Resist the urge to stock up on bags of crisps (chips), boxes of cookies and tubs of chocolates: if you’ve got them in the house, you’re likely to end up digging into them – even if you’re supposedly saving them for when guests come round, or for when you need a hostess gift.
Instead, look out for some yummy and healthy snacks, to enjoy yourself during December, or to serve at holiday parties.
A few great ones are:
Olives – much healthier than crisps, and lower in calories than nuts. They contain monounsaturated fat, which is great for your heart. The strong flavour means you won’t munch them like other snack foods. Buy stoned varieties to slow your eating even more.
Shelled nuts – although nuts are good for you, they’re high in calories so you should only eat small portions. This is easier said than done (especially when faced with a bowl of cashews).

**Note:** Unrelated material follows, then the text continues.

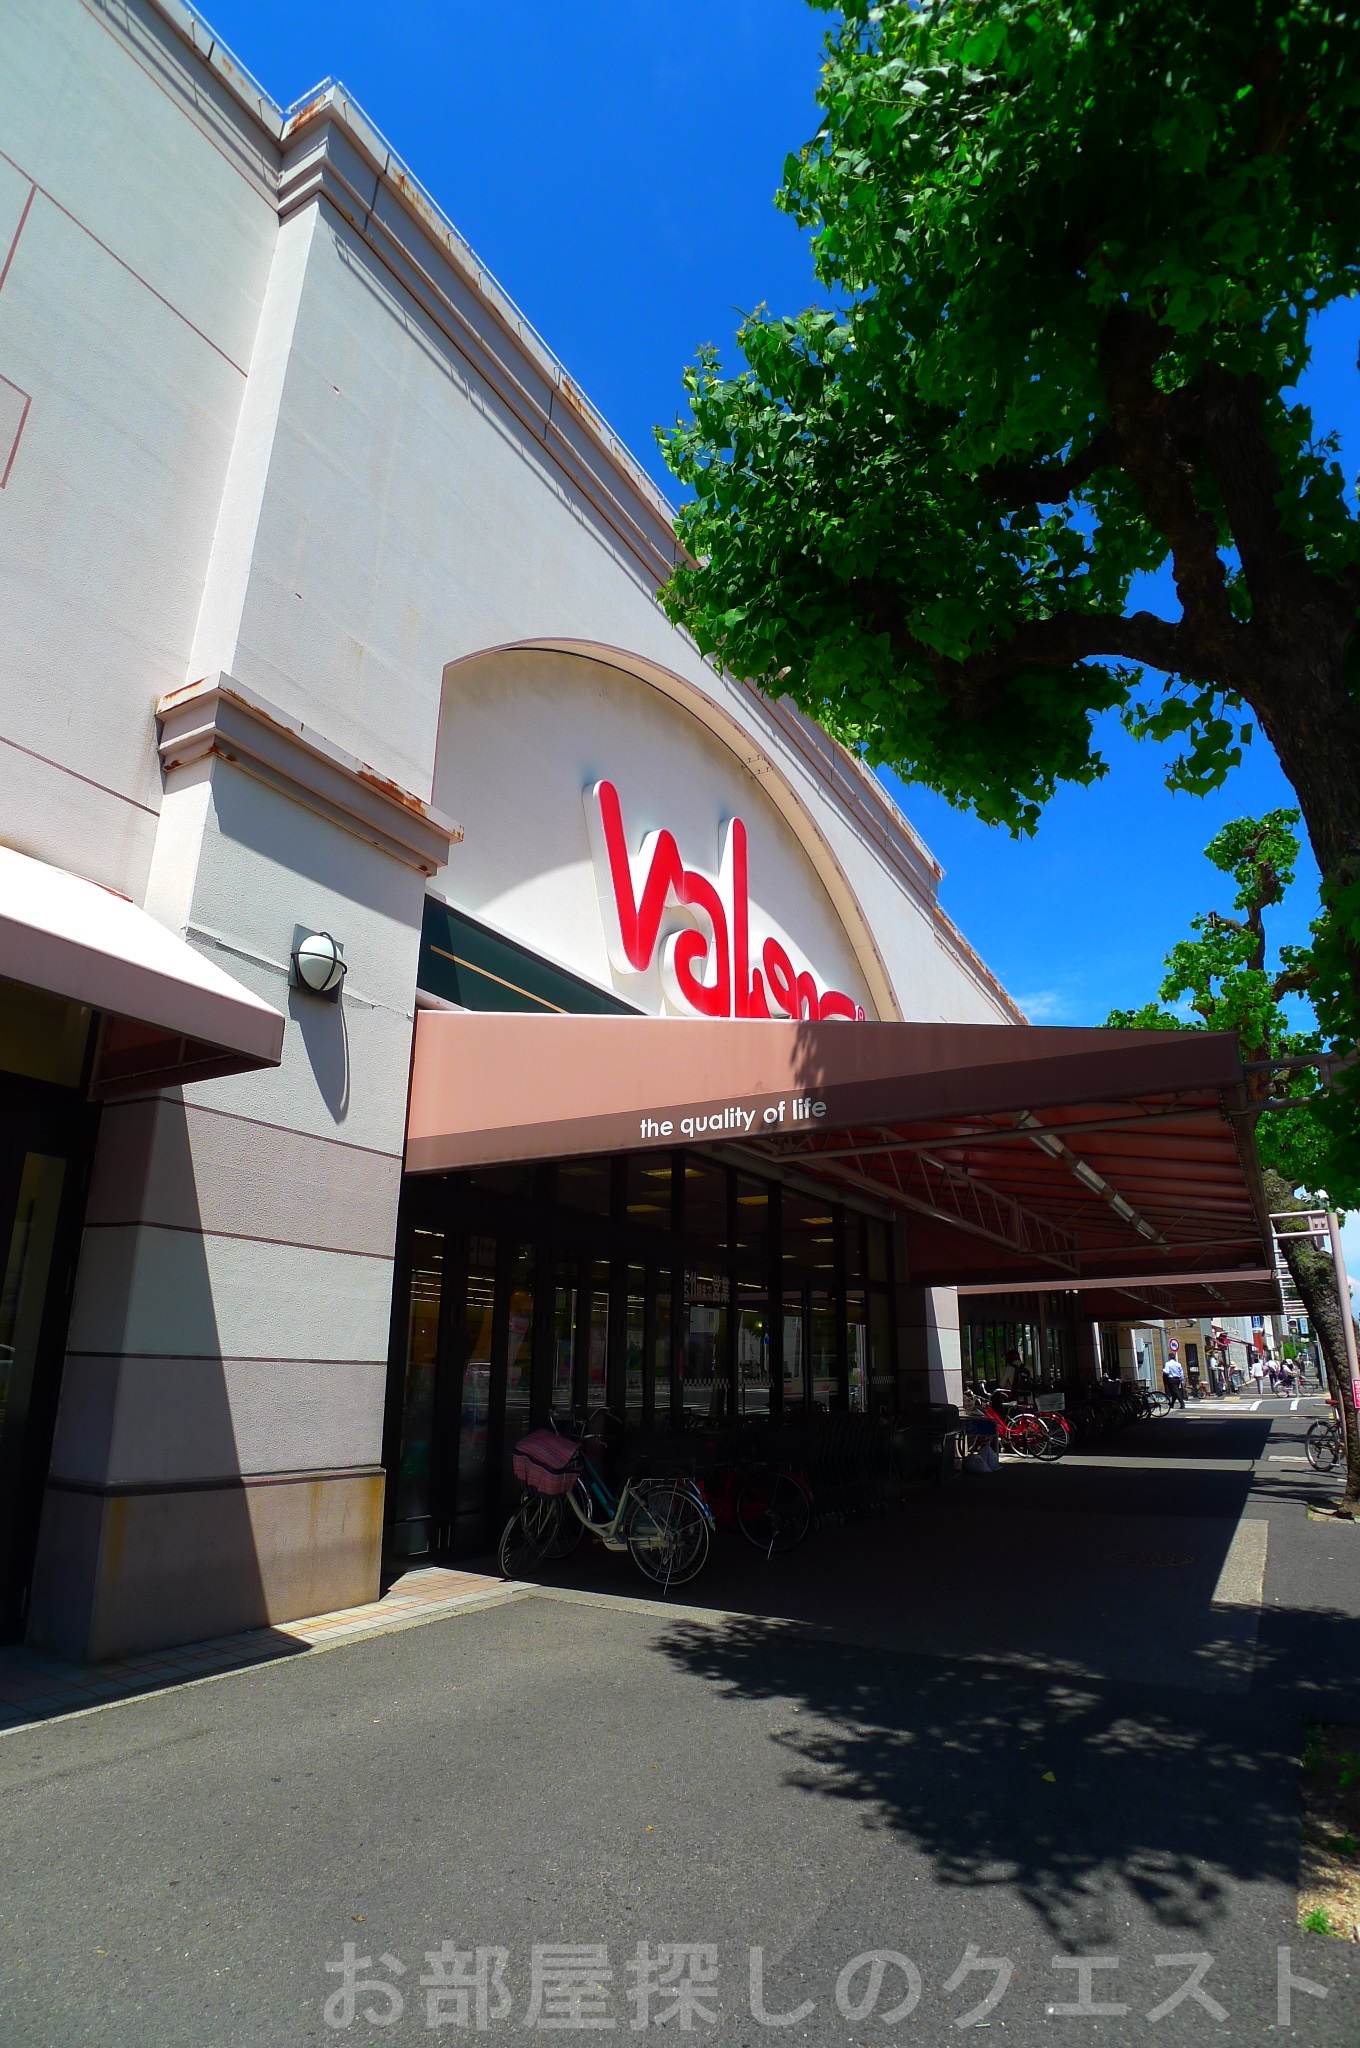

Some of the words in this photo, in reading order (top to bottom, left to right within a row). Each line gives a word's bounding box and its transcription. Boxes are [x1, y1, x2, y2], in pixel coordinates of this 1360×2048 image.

[640, 1118, 674, 1139] the
[680, 1106, 756, 1138] quality
[763, 1100, 786, 1124] of
[792, 1097, 827, 1121] life

Try buying shelled nuts, like pistachios; these take much longer to eat since you’ll need to remove the shell from each and every one…
Spicy foods – another trick for slower snacking is to buy spicy nibbles, as it’s hard to eat too many of these without feeling like you’re breathing fire! Spicy Bombay mix is often a good one, as it contains healthy ingredients like lentils, split peas, peanuts and dried fruit.

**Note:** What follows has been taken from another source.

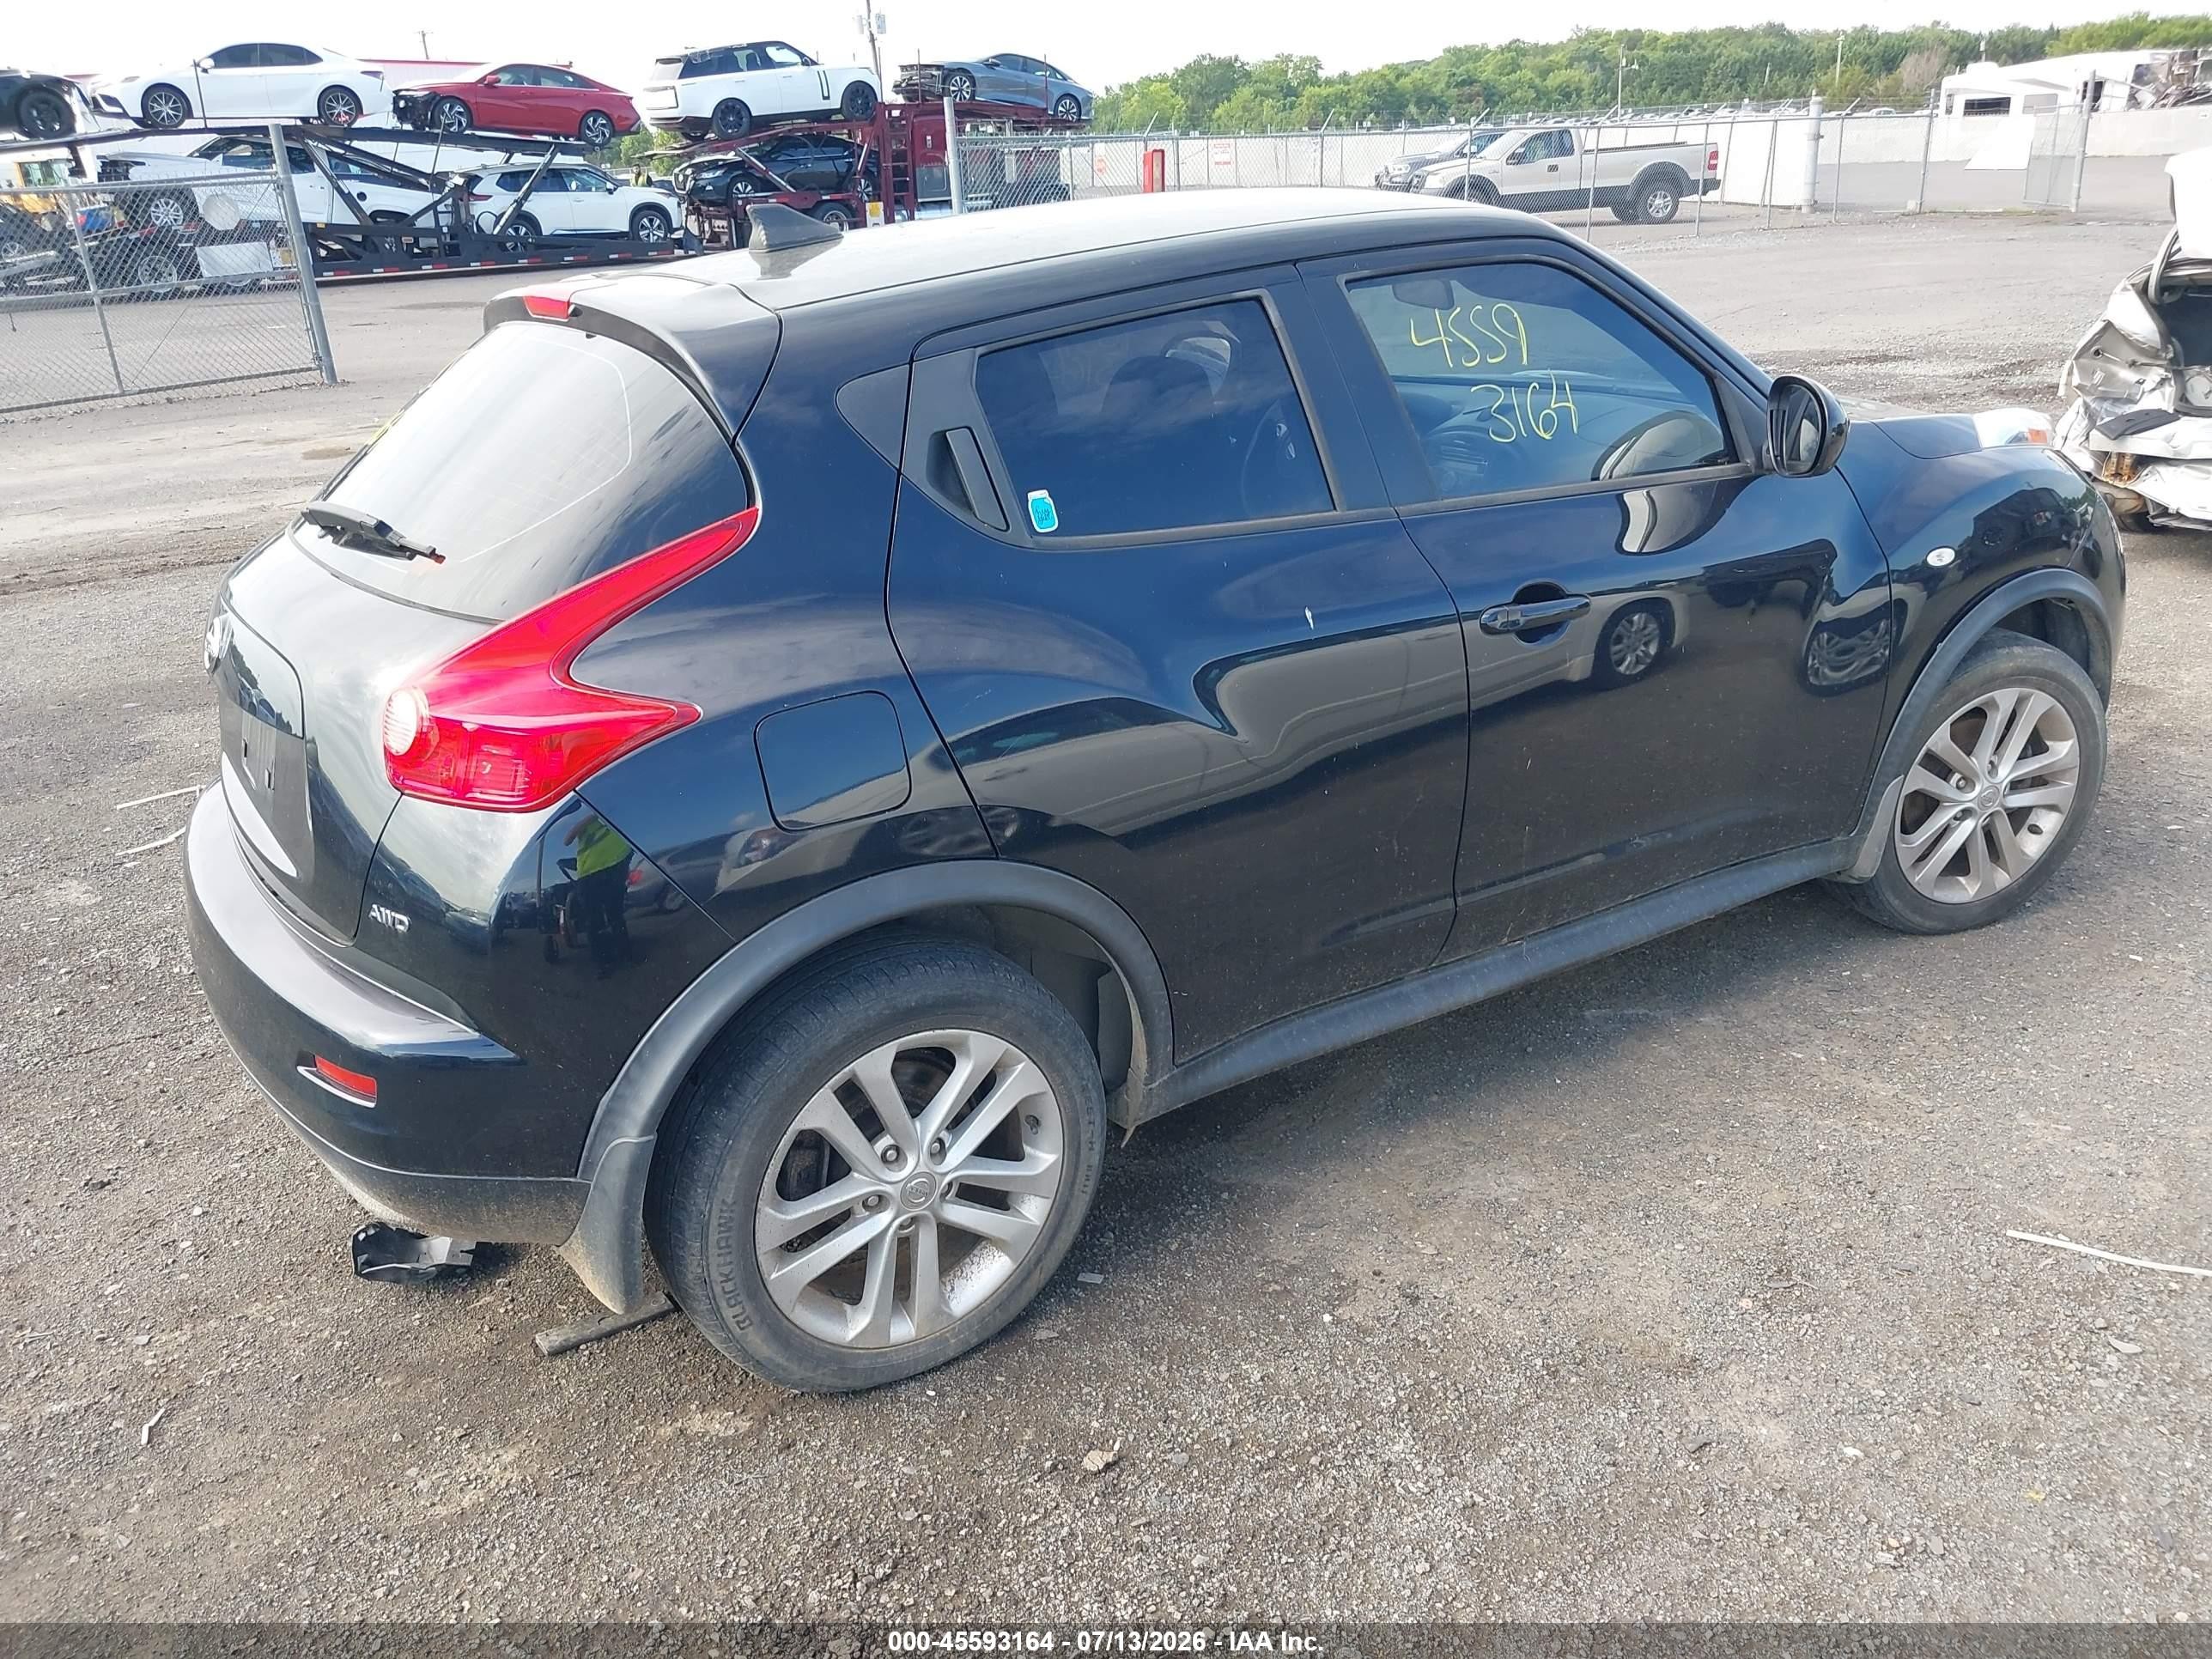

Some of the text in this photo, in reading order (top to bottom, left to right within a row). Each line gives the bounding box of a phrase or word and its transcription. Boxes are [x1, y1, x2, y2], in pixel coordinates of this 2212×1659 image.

[1411, 303, 1528, 368] 4559
[1471, 368, 1578, 442] 3164
[368, 904, 410, 933] AWD
[716, 1198, 753, 1331] BLACKHAWK

Dark chocolate – if you must have chocolate, go for some rich, dark chocolate; the flavour is intense enough that you’ll be satisfied with just a small piece. For a low-calorie alternative to after-dinner chocs, try serving Amoretti biscuits or biscotti with coffee.
Satsumas – I love the sweet, juicy flavour of Satsumas, which are in season here in the UK, and on offer in most supermarkets. They make a palate-cleansing alternative to richer snacks, and look nice presented as part of a table centre-piece, perhaps with other seasonal fruits too.